The U.S. said in the report, released Thursday and quoted by The Associated Press, that the number of global terrorist attacks declined slightly between 2014 and 2015, although ISIS expanded its reach.
Iran remained the leading state sponsor of terrorism despite sealing a nuclear deal with world powers, the annual survey says.
The State Department reported a 13 percent decrease in attacks in 2015 from the year before — the first such decline since 2012 — but said the threat from extremists keeps evolving as groups exploit lawlessness in ungoverned areas and seize on corruption to recruit members.
“The global terrorist threat continued to evolve rapidly in 2015, becoming increasingly decentralized and diffuse,” the report says, according to AP. “Terrorist groups continued to exploit an absence of credible and effective state institutions, where avenues for free and peaceful expression of opinion were blocked, justice systems lacked credibility, and where security force abuses and government corruption went unchecked.”
Statistics compiled for the report by researchers from the National Consortium for the Study of Terrorism and Responses to Terrorism showed that there were 11,774 attacks that resulted in 28,328 deaths in 2015, compared with 13,463 attacks in 2014 that killed 32,727 people.
Of those killed in 2015, 19 were private American citizens, compared with 24 in 2014.
The report attributed the decline to fewer attacks and deaths in Iraq, Pakistan and Nigeria but noted that attacks increased in number between 2014 and 2015 in Afghanistan, Bangladesh, Egypt, the Philippines, Syria and Turkey.
The report also found that while ISIS’s control of territory in Iraq and Syria ebbed toward the end of 2015, it remained the greatest worldwide terrorist threat with a “formidable force” of fighters in those two countries.
It also noted that ISIS followers also carried out deadly attacks in Turkey, France and Lebanon, demonstrating international capability.
ISIS is not the only problem, the report found, as Al-Qaeda and affiliates remain active in Afghanistan, Pakistan and parts of west and north Africa.
In East Africa, the report noted that the Somali group Al-Shabaab remained a serious threat in 2015 not only in Somalia but in neighboring Kenya where the group attacked a university in April, killing nearly 150 people.

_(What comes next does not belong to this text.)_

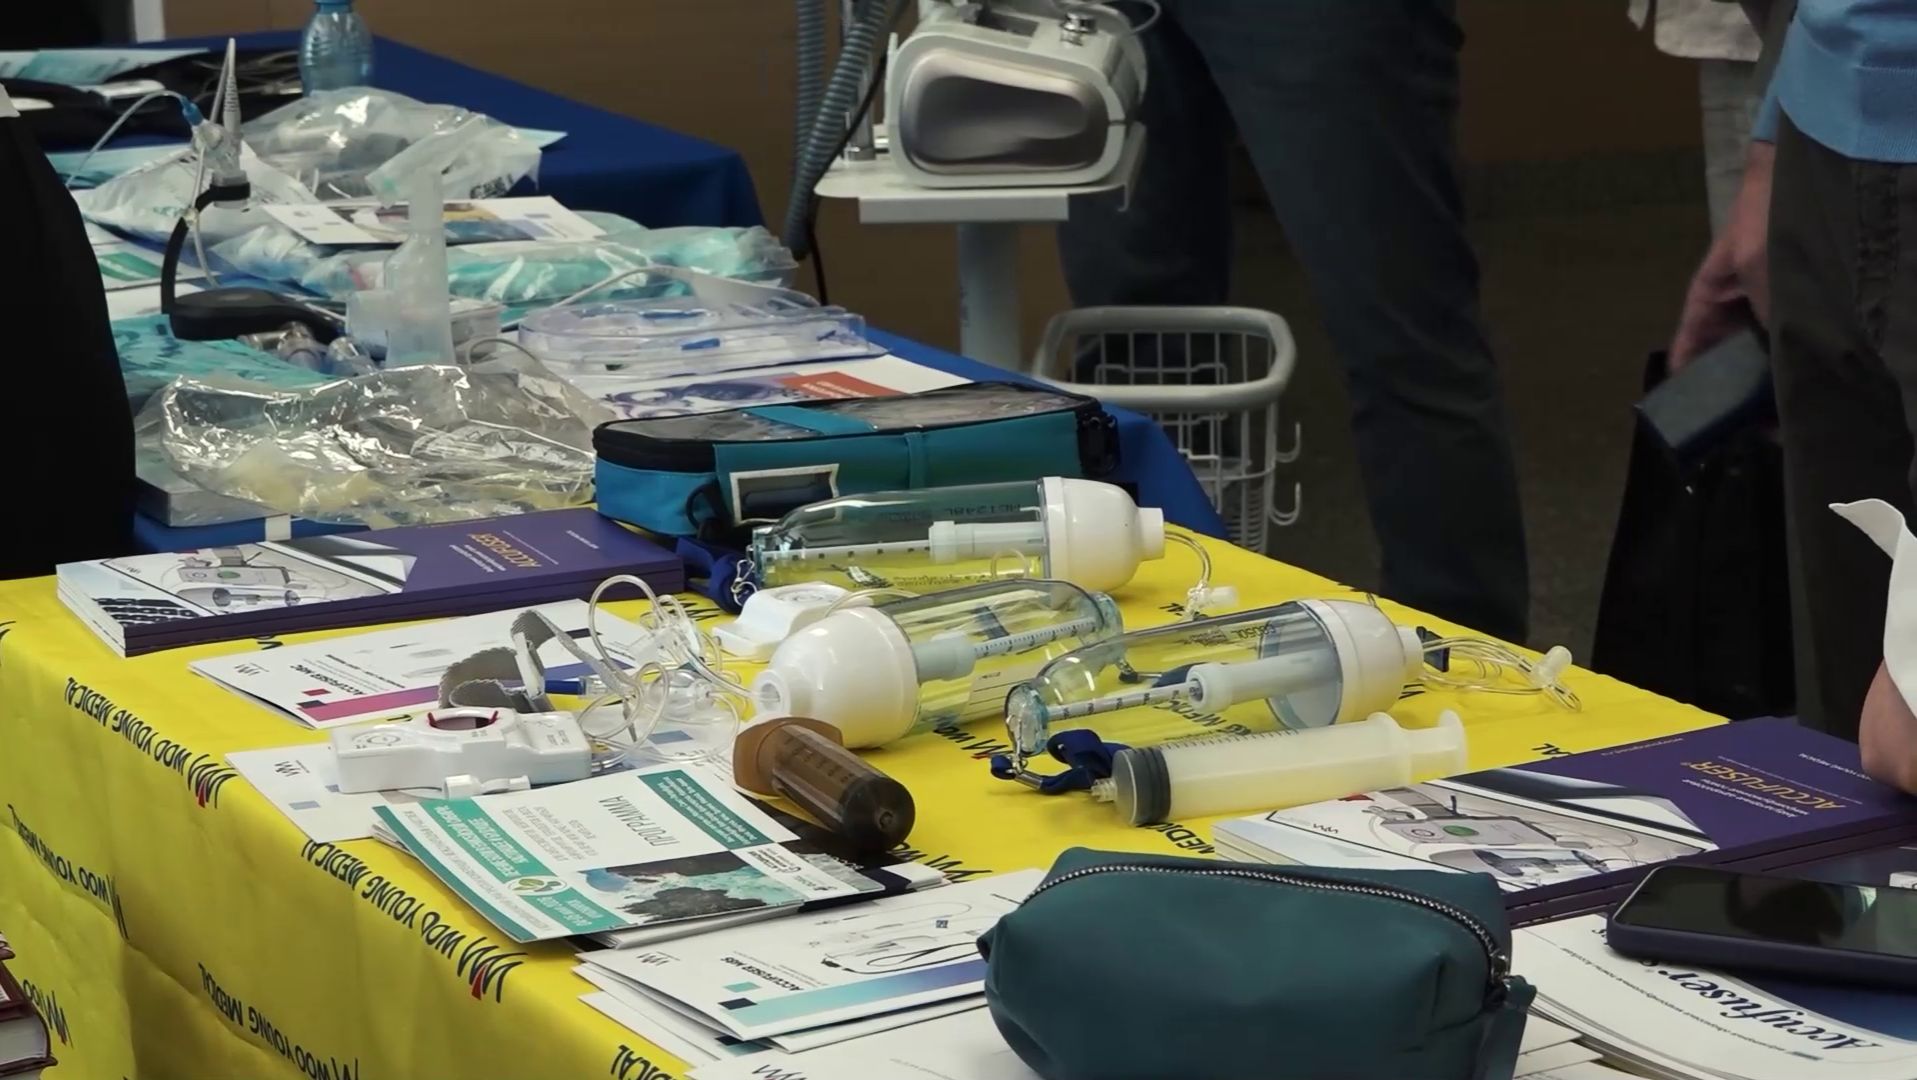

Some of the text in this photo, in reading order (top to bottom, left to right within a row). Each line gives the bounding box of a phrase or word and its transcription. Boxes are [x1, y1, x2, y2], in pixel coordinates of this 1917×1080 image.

Along with Afghanistan, Pakistan, Iraq, the Sinai, Somalia and Syria, the report designated Libya, the southern Philippines, the Sahara, Yemen and portions of Colombia and Venezuela as “terrorist safe havens” where groups are able to operate with relative ease due to poor or inadequate governance, noted AP.
As for Iran, the report once again identified the Islamic Republic as the world’s “foremost state sponsor of terrorism in 2015” through its provision of financial support, training and equipping of groups such as Hezbollah, as well as the government of Syrian President Bashar Al-Assad.
Hezbollah has actively helped Assad’s troops in the war against rebels trying to topple him, but Iran denies it ever sent the group to fight in Syria.
Although it achieved a diplomatic resolution to concerns over its nuclear program, Iran in 2015 continued to use the Quds Force of its Islamic Revolutionary Guard Corps to implement foreign policy goals, which include creating instability throughout the Middle East, according to the report.
In addition to arming the Hezbollah and the Assad government, it also provided weapons and other assistance to militants in Bahrain and remained active in supporting anti-Israel groups such as Hamas, the report said, according to AP.